In Tokyo morning trade, the common currency fetched $1.2720 and 136.01 yen against $1.2714 and 136.04 yen in New York late Tuesday. The single currency had been at $1.2800 and 136.86 yen the previous day.
The dollar was little changed at 106.90 yen against 106.99 yen, despite fresh data that showed US existing-home sales rebounded in September from a dip in August to their highest pace of the year. The greenback was, however, up from 106.56 yen in Asia Tuesday.
Investors will be looking to US inflation figures later in the day after a series of uneven data has thrown into question the strength of the world’s top economy, ahead of the US Federal Reserve’s policy meeting next week.
“The US CPI (consumer price index) is at the forefront of attention,” Ayako Sera, head of research team at Sumitomo Mitsui Trust Bank, told Dow Jones Newswires.
Late Tuesday, reports that the European Central Bank was considering buying riskier corporate bonds on the secondary market, perhaps as early as next year, pushed down the euro against the dollar and the yen.
If followed through early next year as some reports suggest, the ECB move could further push down long-term interest rates in the eurozone, which would tend to weaken the currency by denting demand for euro-denominated assets.

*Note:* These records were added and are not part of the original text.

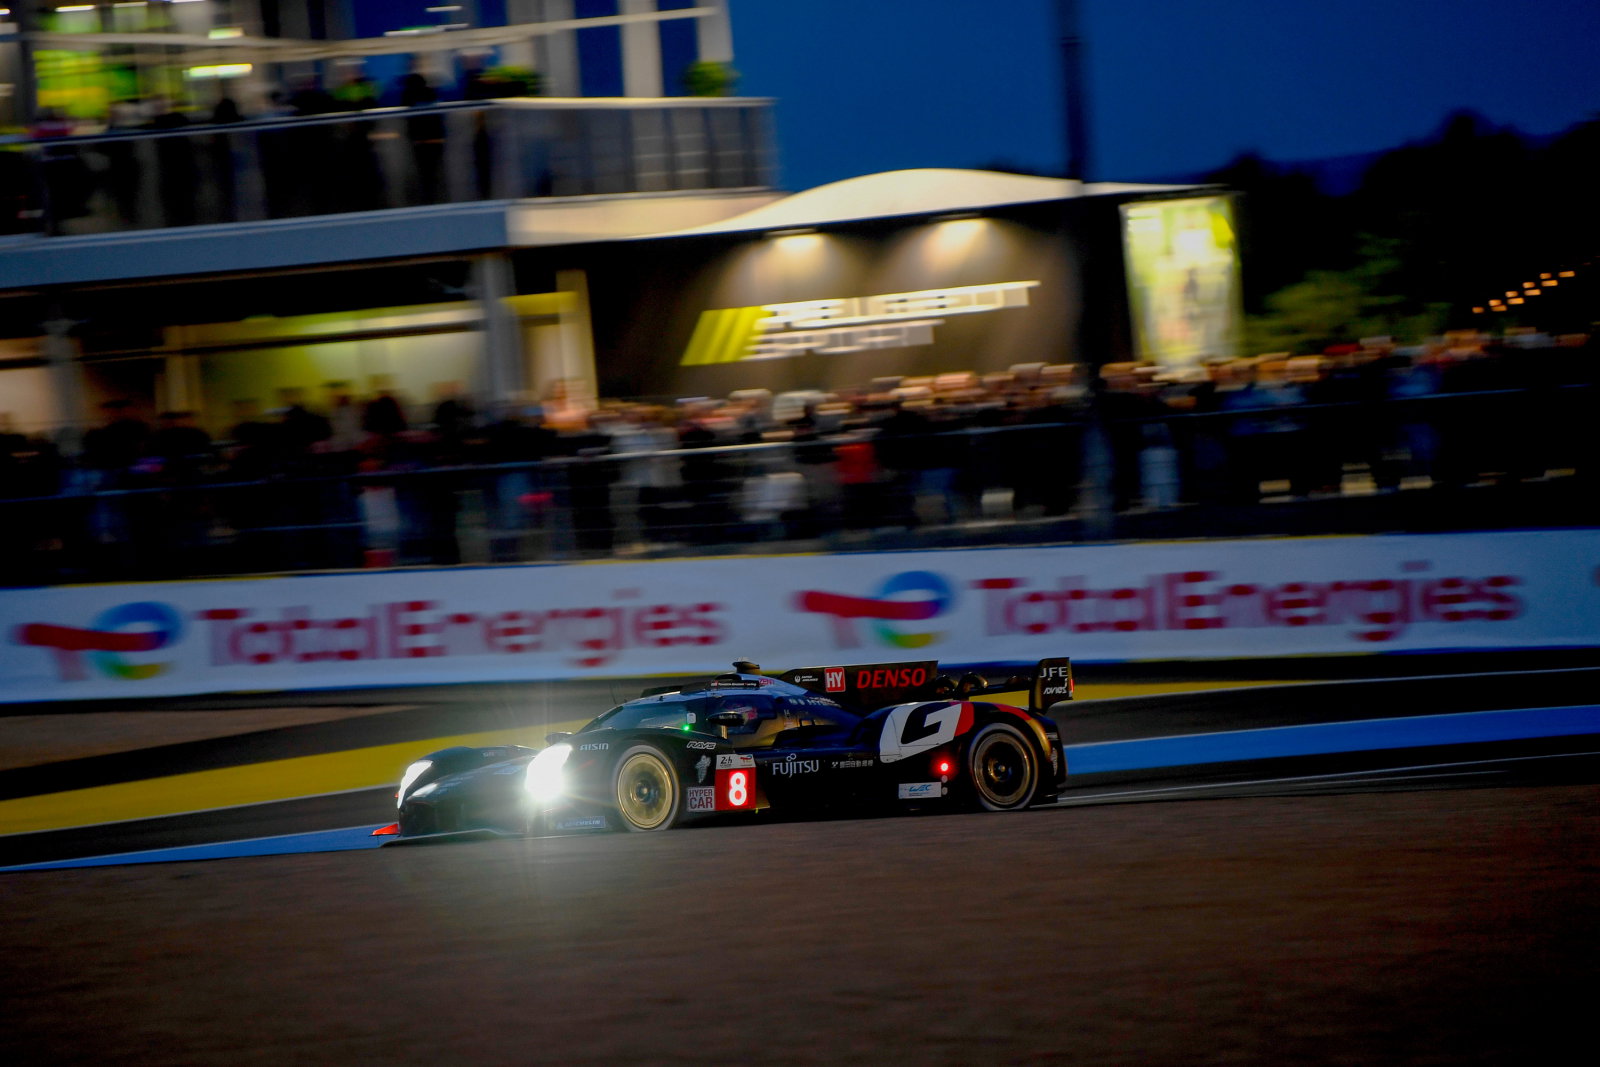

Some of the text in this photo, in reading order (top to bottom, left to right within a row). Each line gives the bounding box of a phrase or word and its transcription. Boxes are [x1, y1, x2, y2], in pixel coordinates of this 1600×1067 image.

[970, 561, 1526, 642] TotalEnergies
[197, 588, 729, 667] TotalEnergies
[826, 671, 844, 688] HY
[857, 668, 926, 689] DENSO
[1039, 666, 1068, 678] JFE
[579, 743, 609, 751] AISIN
[686, 741, 717, 750] RAYS
[772, 759, 819, 778] FUJITSU
[689, 788, 713, 797] HYPER
[729, 772, 747, 806] 8
[689, 797, 713, 809] CAR

“The slippage in the euro-dollar rate was exacerbated by comments from German Finance Minister Wolfgang Schaeuble that a lower euro exchange rate helps the (German) economy,” National Australia Bank said in a note.
On Wednesday, traders largely shrugged off Japan’s trade balance data, which showed the worst-ever September deficit of 958.3 billion yen ($8.96 billion), putting the world’s number-three economy on track for a record annual shortfall.
The monthly result, which was much worse than the market median forecast for a deficit of 768 billion yen, comes on the back of a string of weak figures and a sharp economic contraction in the second-quarter that have stoked speculation the Bank of Japan will expand its monetary easing plan and weaken the yen.